Pierre Apraxine (1934-2023) est l’un des plus grands collectionneurs du siècle. Sa vie durant, il a embrassé le monde de l’art de son œil absolu. S’il est surtout connu pour la constitution de la collection Gilman, encore regardée aujourd’hui comme la plus grande, la plus belle et la plus prestigieuse collection de photographies anciennes en mains privées au monde et qui a rejoint en 2005 le fonds du Metropolitan Museum de New York, Pierre Apraxine fut aussi un inlassable découvreur et passeur d’art.

Pierre Apraxine naît en 1934 en Estonie. À l’aube de la guerre, en 1939, sa famille émigre à Bruxelles. Une fois ses études d’histoire de l’art terminées, Apraxine y rencontre le baron Léon Lambert, patron de la plus importante banque d’affaires européenne (aujourd’hui ING). Lambert veut, à l’instar de Rockefeller et Stuyvesant, développer sa collection d’art conceptuel et minimaliste pour en décorer les bureaux de sa banque. Apraxine l’aide dans cette tâche durant plus de trois années de recherches et d’achats de chefs-d’œuvre. Mais il répond bientôt à l’appel de New York où il part vivre en 1969 et qu’il n’a plus quitté jusqu’à sa mort. D’abord conservateur au MoMA, puis collaborateur de la Marlborough Gallery, il est approché en 1975 par Howard Gilman (1924-1998), magnat américain du papier, qui veut lui aussi décorer son entreprise d’œuvres d’art.

Gilman et Apraxine constituent trois collections : l’une d’art conceptuel et minimaliste qui sera vendue chez Christie’s en 1987 et établira des premiers records dans le domaine.

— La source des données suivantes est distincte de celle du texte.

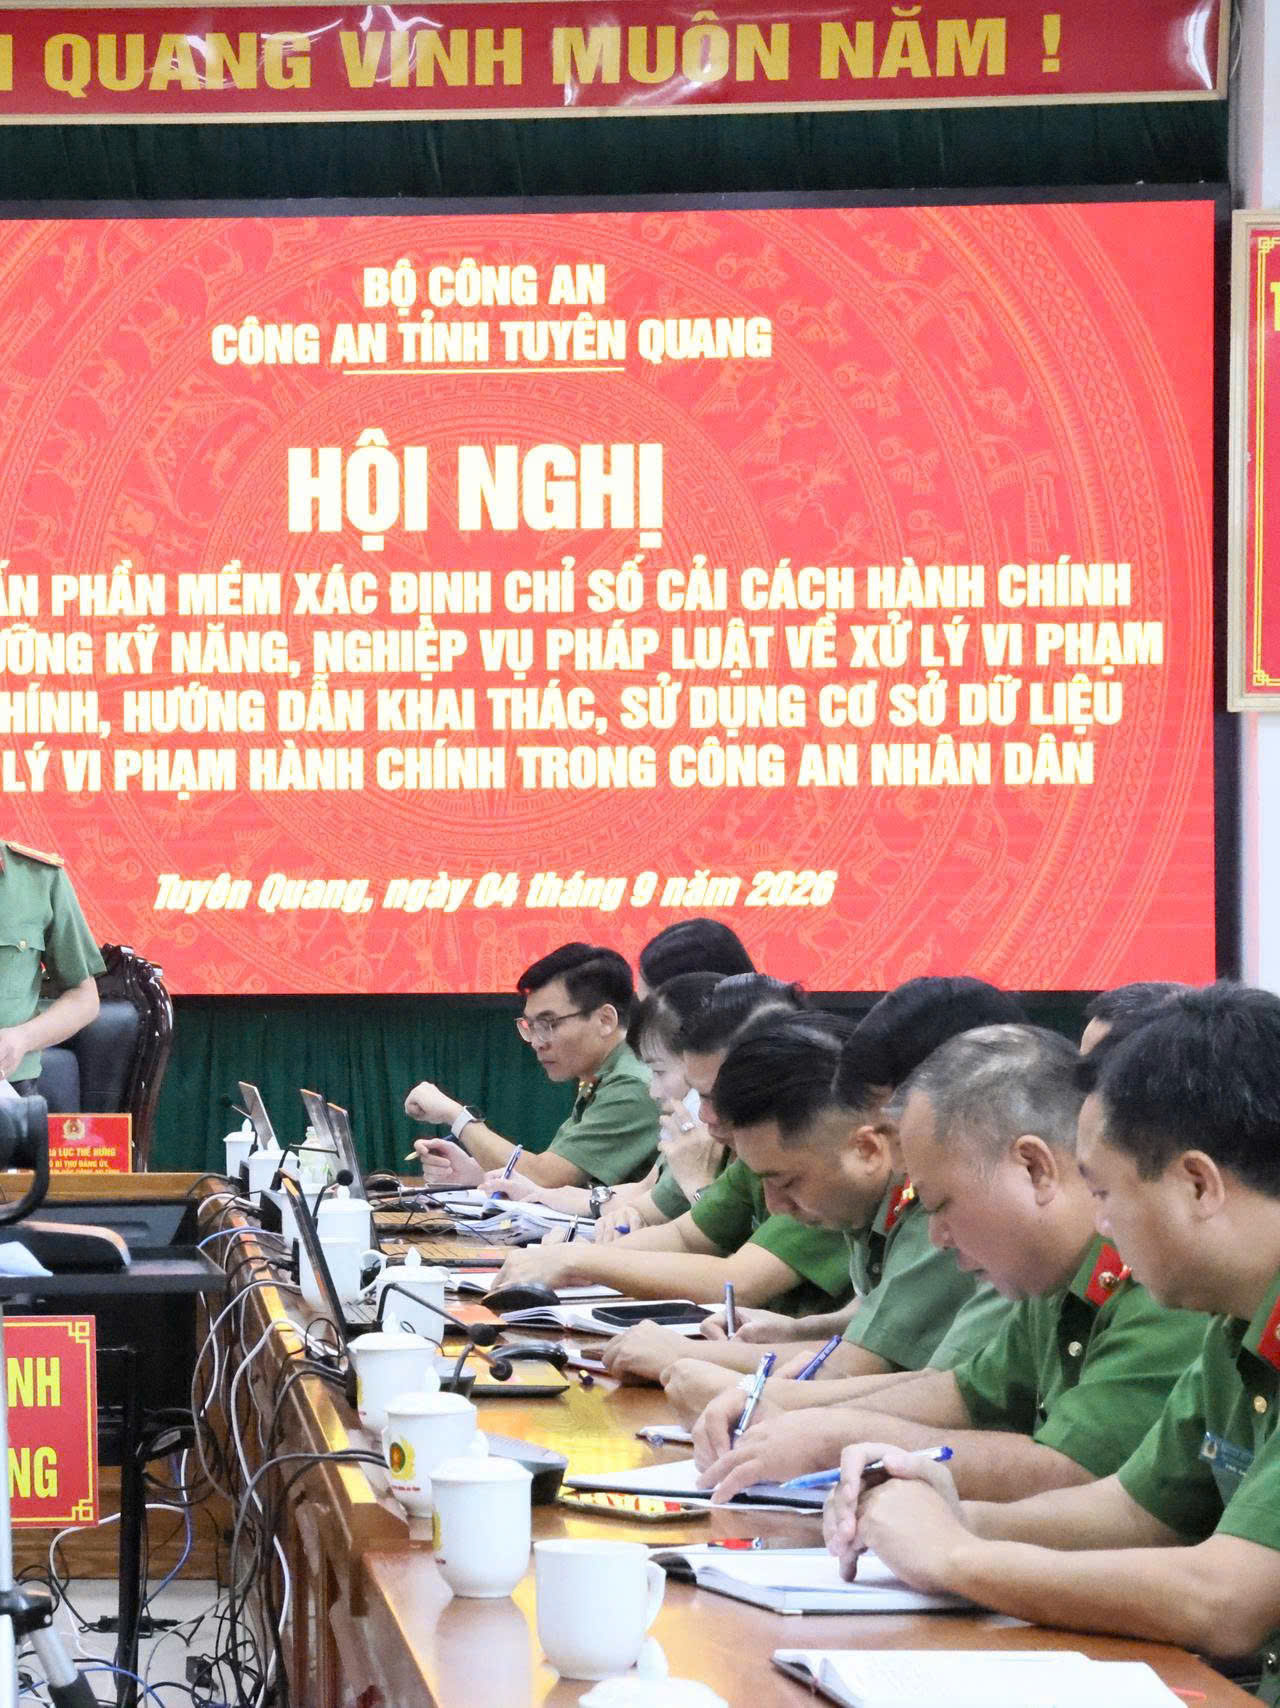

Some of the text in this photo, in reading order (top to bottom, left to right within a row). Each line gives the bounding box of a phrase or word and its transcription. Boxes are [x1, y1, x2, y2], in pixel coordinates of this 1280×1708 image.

[44, 32, 312, 97] QUANG
[339, 28, 523, 89] VINH
[552, 11, 790, 85] MUÔN
[820, 6, 1006, 80] NĂM
[1042, 14, 1061, 73] !
[363, 257, 606, 317] BỘ CÔNG AN
[211, 309, 773, 366] CÔNG AN TỈNH TUYÊN QUANG
[287, 427, 664, 552] HỘI NGHỊ
[51, 559, 166, 617] PHẦN
[178, 559, 282, 616] MỀM
[293, 563, 378, 615] XÁC
[388, 571, 492, 623] ĐỊNH
[504, 555, 576, 614] CHỈ
[587, 553, 646, 613] SỐ
[656, 553, 728, 612] CẢI
[740, 558, 855, 611] CÁCH
[867, 556, 985, 609] HÀNH
[997, 554, 1132, 608] CHÍNH
[105, 623, 160, 675] KỸ
[171, 622, 301, 679] NĂNG,
[312, 617, 468, 682] NGHIỆP
[479, 628, 534, 681] VỤ
[546, 618, 660, 671] PHÁP
[671, 617, 775, 679] LUẬT
[784, 611, 838, 669] VỀ
[849, 610, 913, 669] XỬ
[920, 614, 970, 667] LÝ
[981, 623, 1023, 667] VI
[1035, 621, 1164, 675] PHẠM
[123, 681, 266, 734] HƯỚNG
[277, 672, 365, 733] DẪN
[376, 687, 476, 732] KHAI
[486, 678, 608, 735] THÁC,
[619, 671, 683, 730] SỬ
[689, 684, 807, 738] DỤNG
[818, 679, 878, 729] CƠ
[888, 669, 948, 728] SỞ
[959, 673, 1022, 727] DỮ
[1029, 673, 1123, 735] LIỆU
[2, 741, 51, 793] LÝ
[61, 749, 102, 793] VI
[113, 748, 237, 801] PHẠM
[248, 738, 365, 791] HÀNH
[376, 738, 507, 791] CHÍNH
[516, 744, 657, 790] TRONG
[668, 735, 786, 788] CÔNG
[797, 743, 859, 787] AN
[870, 733, 992, 787] NHÂN
[1004, 732, 1095, 785] DÂN
[153, 872, 253, 915] Tuyên
[257, 872, 374, 914] Quang,
[382, 871, 473, 913] ngày
[472, 871, 520, 909] 04
[525, 870, 628, 912] tháng
[629, 870, 659, 908] 9
[659, 868, 743, 908] năm

Une deuxième de dessins d’architecture utopique qui sera léguée au MoMA en 2003 et donnera lieu à la mémorable exposition « The Changing of the Avant-Garde: Visionary Architectural Drawings from the Howard Gilman Collection ».

La troisième de photographies anciennes. C’est celle-ci qui va déterminer le destin de Pierre Apraxine. Entre 1976 et 1998, il rassemble plus de 8 000 images (tirages et albums) dont la qualité, la variété, l’originalité et les passerelles qu’elles créent entre elles fondent une collection unique, enviée des musées du monde entier et qui viendra finalement enrichir en 2005 le fonds du département photographique du Metropolitan Museum.

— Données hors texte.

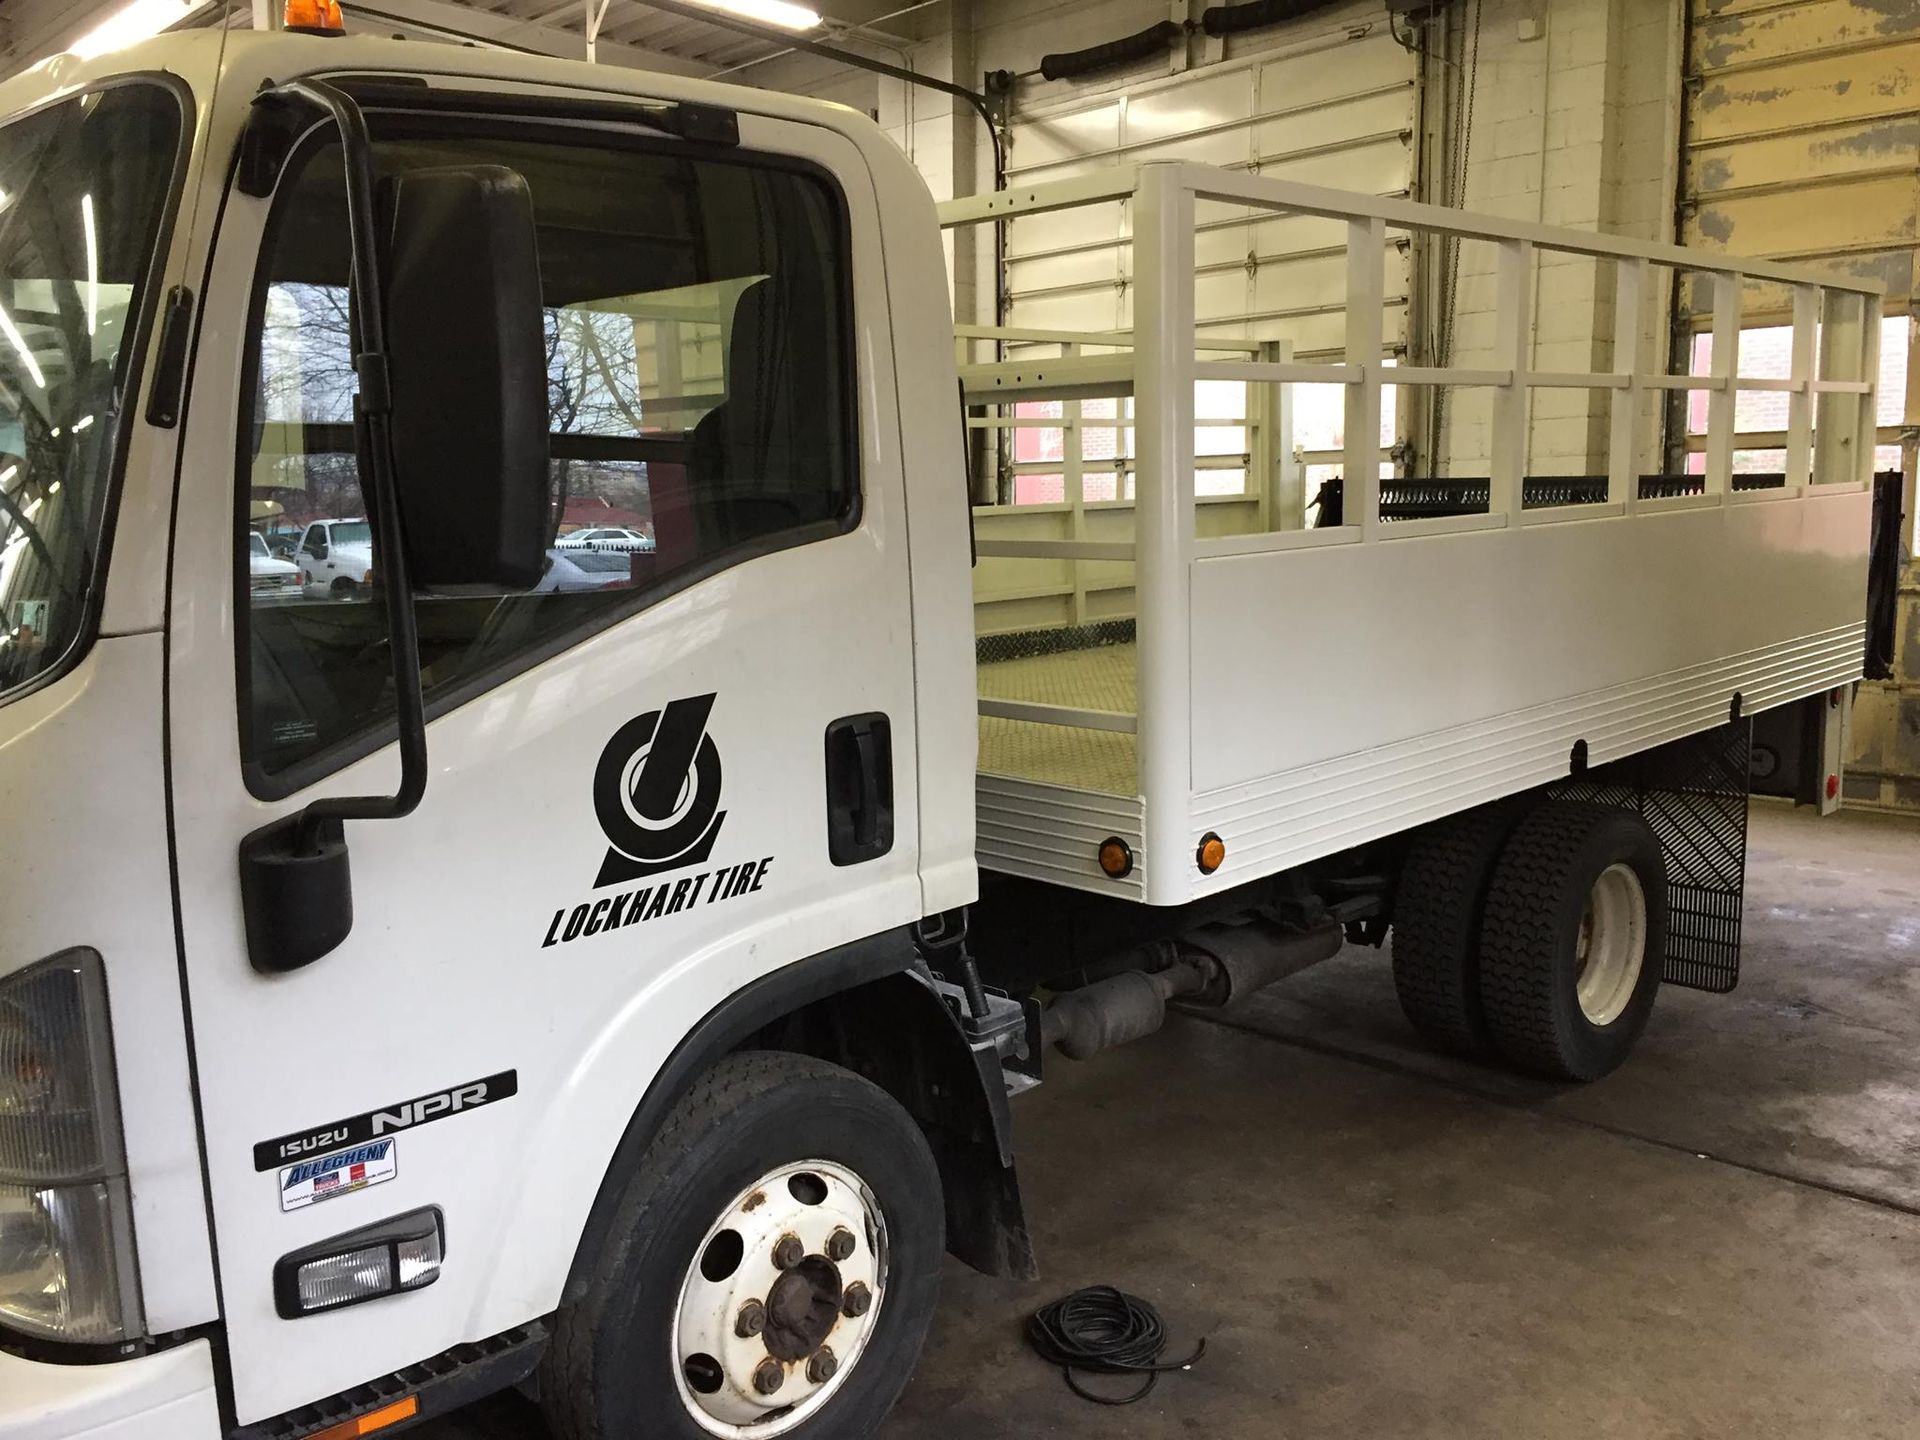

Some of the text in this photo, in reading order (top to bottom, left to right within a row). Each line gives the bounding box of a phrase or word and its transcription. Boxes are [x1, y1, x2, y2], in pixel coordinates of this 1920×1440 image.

[541, 856, 775, 949] LOCKHART TIRE
[279, 1082, 488, 1158] ISUZU NPR
[285, 1141, 391, 1188] ALLEGHENY

Pierre Apraxine a façonné la collection Gilman comme une œuvre, riche des chefs-d’œuvre de Nadar, Édouard Baldus, Eugène Atget, William Henry Fox Talbot, Gustave Le Gray, JB Green, Carleton E. Watkins, Julia Margaret Cameron, Roger Fenton, etc. et de photographies remarquables d’auteurs moins connus. Il fut au cours de toutes ces années et finalement jusqu’à sa mort, le conseil des plus importants marchands du monde, des maisons de vente et surtout des institutions qui possèdent les plus belles collections de photographies anciennes au monde, parmi lesquelles la Bibliothèque nationale de France et le musée d’Orsay.

Pierre Apraxine est aussi le commissaire d’expositions qui ont marqué leur temps. En 1993, il présente, Metropolitan Museum avec Maria Morris Hambourg, directrice du département photographie, une sélection des œuvres de la collection Gilman(1 )dans les salles les plus prestigieuses du musée. En 1999, il organise une exposition révolutionnaire au musée d’Orsay, au Metropolitan Museum et à Turin, consacrée à la Castiglione, mondaine admirée du Second Empire qui, durant 40 ans, dicta au même photographe sa vision de l’autoportrait. En 2001, il coorganise au Metropolitan avec Jeff Rosenheim une très belle exposition sur le Nil. Puis, en 2005, il montre « Le Troisième Œil » à la Maison européenne et au Metropolitan, une exposition sur la photographie de l’occulte qui a suscité de multiples débats et passionné ses visiteurs.

Les mémoires, que Pierre Apraxine a écrits entre 2019 et 2023 avec Jean Poderos, dévoilent à la fois la vie d’un homme dont la noblesse résidait bien au-delà de son ascendance aristocratique et la trajectoire professionnelle d’un collectionneur unique qui a traversé le siècle et fut admiré de tous.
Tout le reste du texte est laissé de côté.